A situation in which differential performance might not be considered bias  Math test in which word problems were
found to be more difficult for black than for white examinees whereas disparities between the groups on computational
problems were much smaller. It was said that math content could have 2 dimensions (computation + word problems). Thus,
assuming that both were part of math ability, it would not be considered bias since ability to solve word problems was
relevant for the construct (even if this makes test developers reconsider the mix of the 2 dimensions used on the test).
TEST FAIRNESS
Cole  Psychometric decisions relevant to test bias and the policy decisions relevant to the appropriateness of test makeup
are separate issues  A test may be unbiased in a psychometric sense but still be used in an unfair manner.
 It may be appropriate to interpret a test as a measure of intelligence but using the test scores to select employees
is a different matter and might result in unfair selection practices.

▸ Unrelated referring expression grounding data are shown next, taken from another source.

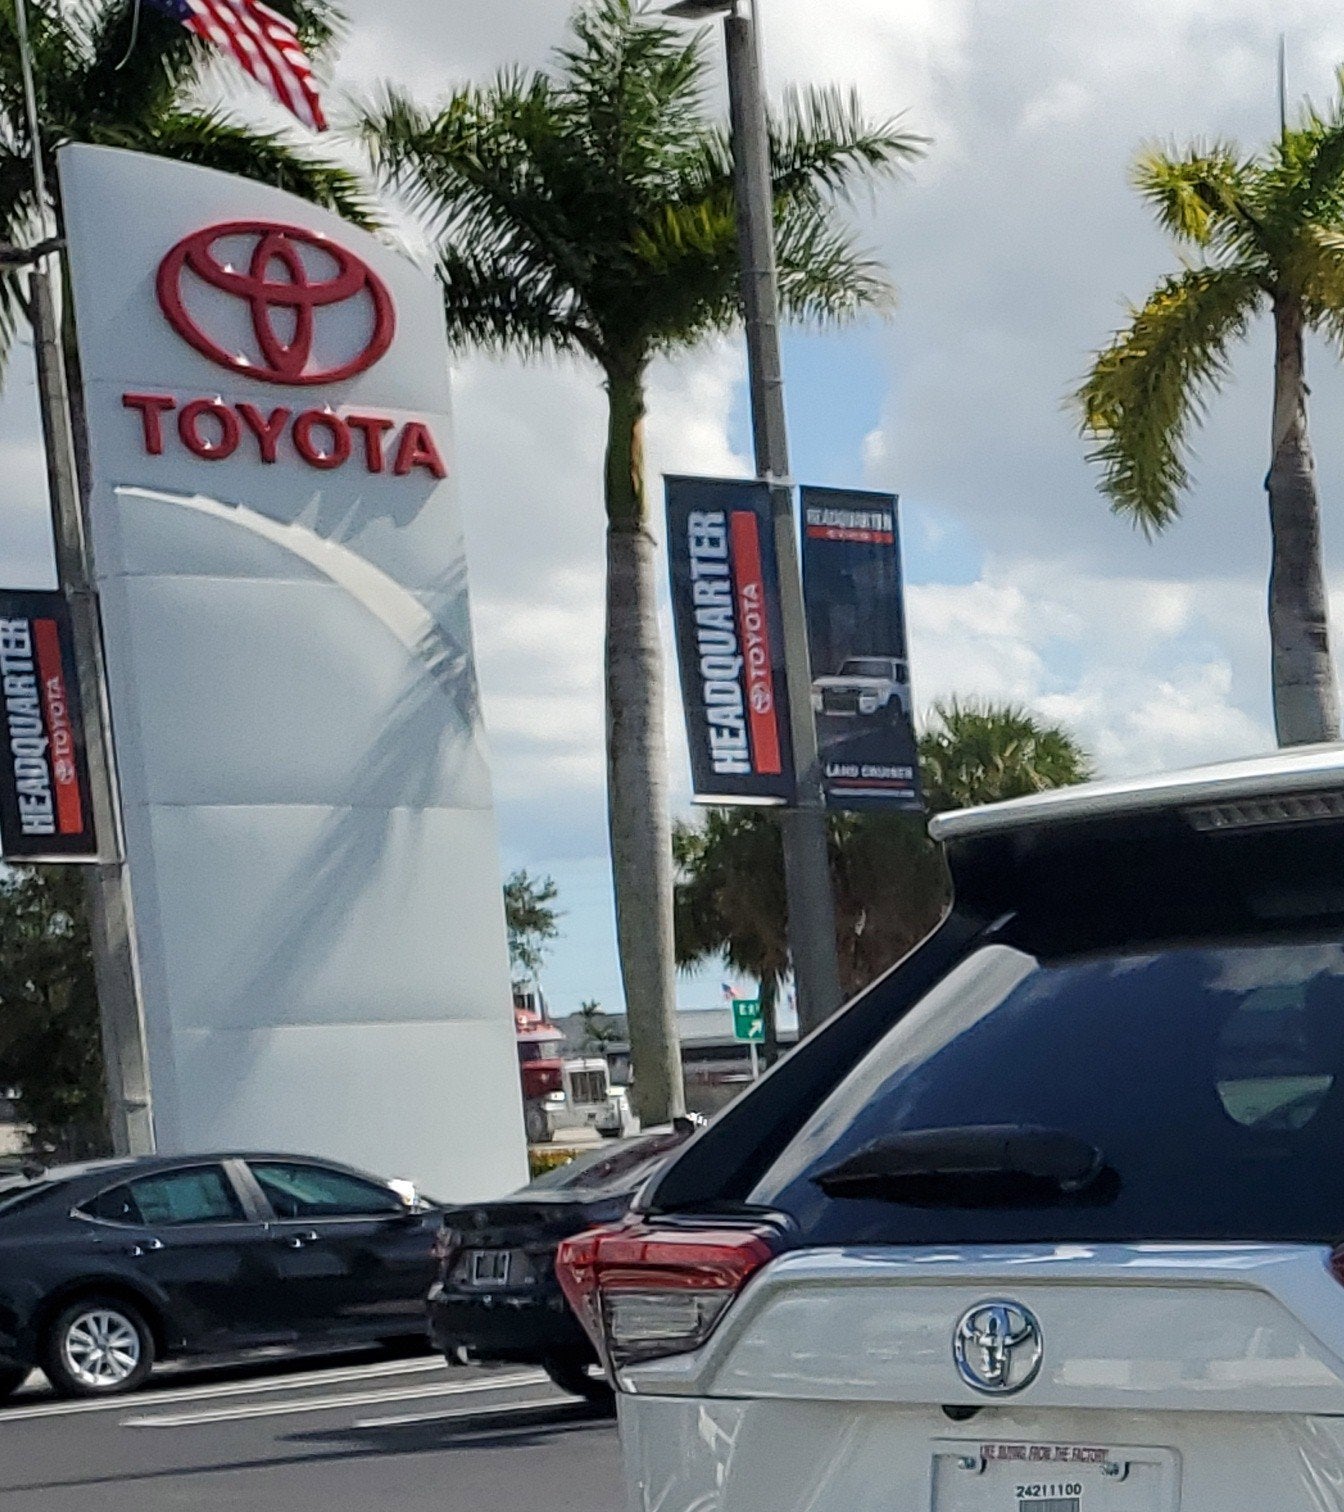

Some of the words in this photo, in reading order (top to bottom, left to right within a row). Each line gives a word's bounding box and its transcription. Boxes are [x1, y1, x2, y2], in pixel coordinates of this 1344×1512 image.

[122, 391, 448, 479] TOYOTA
[687, 510, 750, 774] HEADQUARTER
[742, 583, 768, 680] TOYOTA
[0, 617, 55, 835] HEADQUARTER
[46, 675, 75, 756] TOYOTA
[1016, 1483, 1082, 1498] 24211100

Fairness in tests= the way in which test scores are used (how scores are interpreted in the evaluation of a test-taker)
↑ Related to test validity

It’s evaluation requires ↑range of evidence: empirical data, legal, ethical, political, philosophical, and economic reasoning
Testing Standards  “all steps in the testing process, including test design, validation, development, administration, and
scoring procedures, should be designed in such a manner as to minimize construct-irrelevant variance and to promote valid
score interpretations for the intended uses for all examinees in the intended population”
Universal Design (UD)
The principles of UD were developed to create tests that are as accessible as possible to all test-takers in the intended
population  To create a test in which no one is disadvantaged, and sources of construct-irrelevant variance are minimized.

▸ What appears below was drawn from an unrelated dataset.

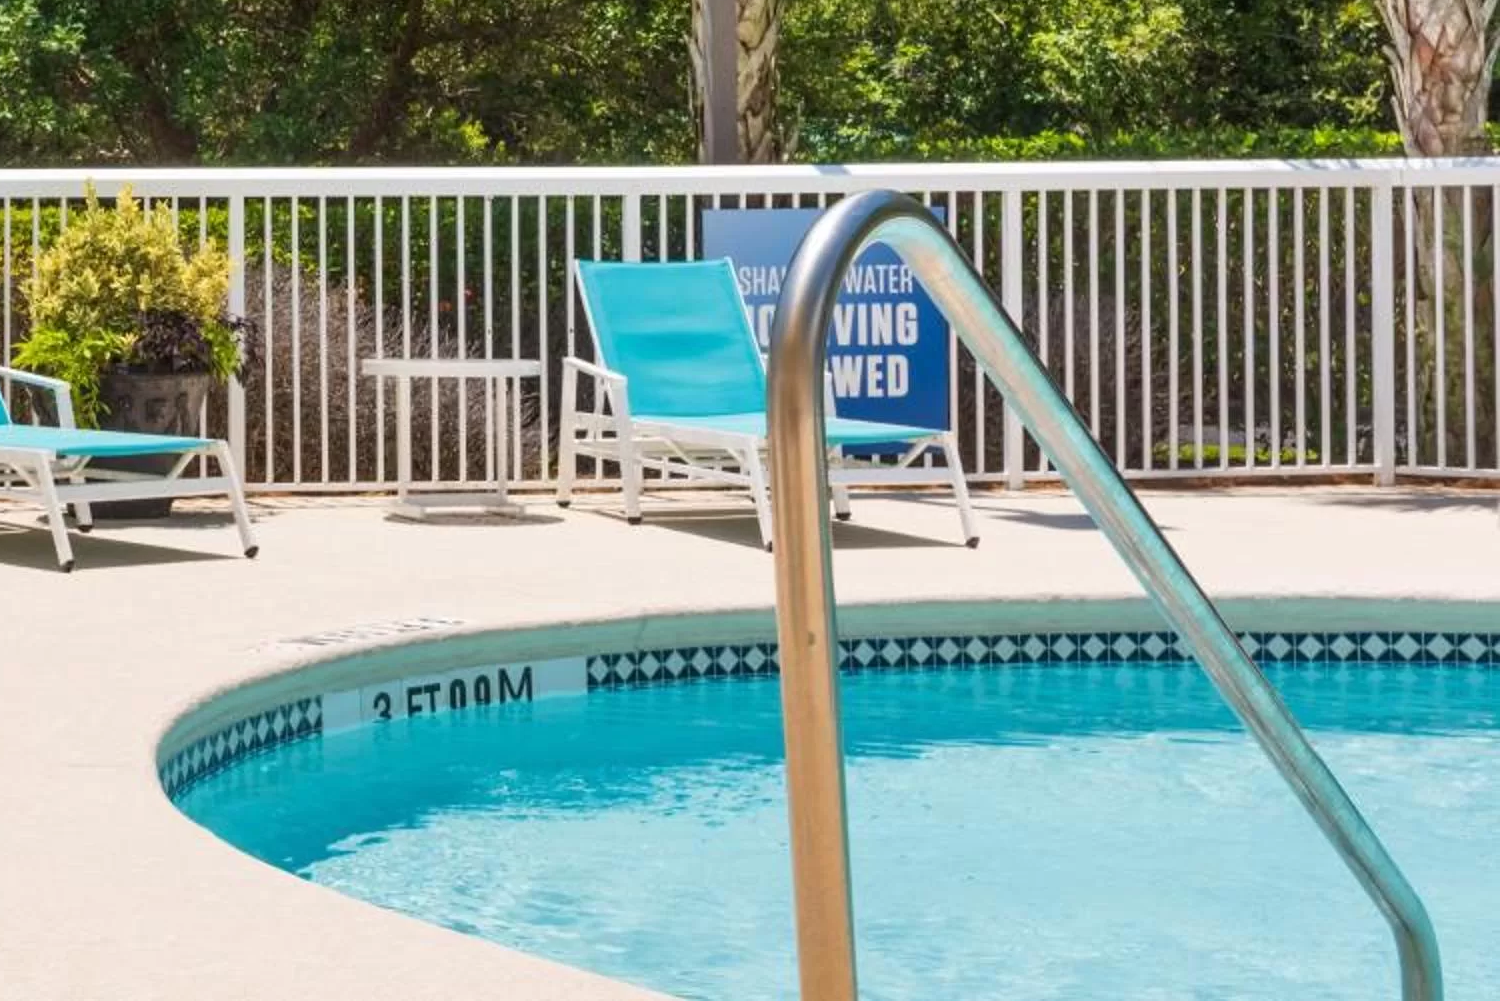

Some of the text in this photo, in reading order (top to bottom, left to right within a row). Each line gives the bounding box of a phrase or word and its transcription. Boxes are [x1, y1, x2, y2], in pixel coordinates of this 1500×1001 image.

The use of UD principles in developing and administering tests should ↓ test features that may result in bias.
UD principles:
- Are based on sensitivity to all characteristics that might disadvantage test takers, including language, culture, race, and
sex, but also focus on characteristics of test takers with special needs.
- Include avoiding test characteristics that might disadvantage some test takers, such as unnecessary test speediness,
wording or examples that may be unfamiliar to some test takers, or use of language that might be offensive to some groups.
- Focus on providing a range of test-taking options, such as choice of font sizes and response formats (paper and pencil,
computer, or verbal). Such choices allow the test to be accessible to as many test takers as possible.
Accommodations and Modifications

Not all tests can be made accessible to all test takers, even if universal design principles are used, and in these cases test
adaptations may be needed.
Adaptations = changes to the original test that are intended to increase access to the test for certain test takers. 2 types:
Accommodations preserve the comparability of scores across the adapted and original test versions. E.g.: time extension,
text magnification, braille format, dictionary for non-native, etc.
It’s important that the level of difficulty does not change it should eliminate a source of bias for those needing it but would
not improve the scores of those who do not need it (e.g., braille won’t improve the scores of those with sight, but it will
improve those whose sight is impaired).  Nevertheless, there are cases in which this is not as clear, such as with time
extension. For this accommodation to be done, thus, evidence should be gathered proving that the accommodation
performs better when given extra time, whereas those not qualifying for the accommodation do not (= performance),
which could be fairly difficult since most test-takers would benefit from extra time. This is why as the UD says that no time
limit should be added unless it’s part of the measured construct: eliminating time as a biasing factor eliminates the need
to provide this accommodation.
Modifications  adapt the test in such a way that the construct being measured will likely change to some extent.
Are usually made for test takers for whom the test would not otherwise be accessible  e.g., a test based on reading
passages for a test-taker with severe dyslexia: the test could be read to them. If the construct is defined as the ability to
read, such modification changes the nature of the construct and thus, the interpretation of the test score. If the construct
is general comprehension ability, the construct could be considered the same.
In the first case, it would not generally be appropriate to compare scores from the accommodated test to those from the
non-accommodated test since such a comparison presupposes that the same inferences can be made from scores on the
two tests. If the accommodation is such that the scores no longer measure the same construct, it is unlikely that inferences
from the two tests will be the same, but if the construct remains the same, then the scores might be reasonable to compare.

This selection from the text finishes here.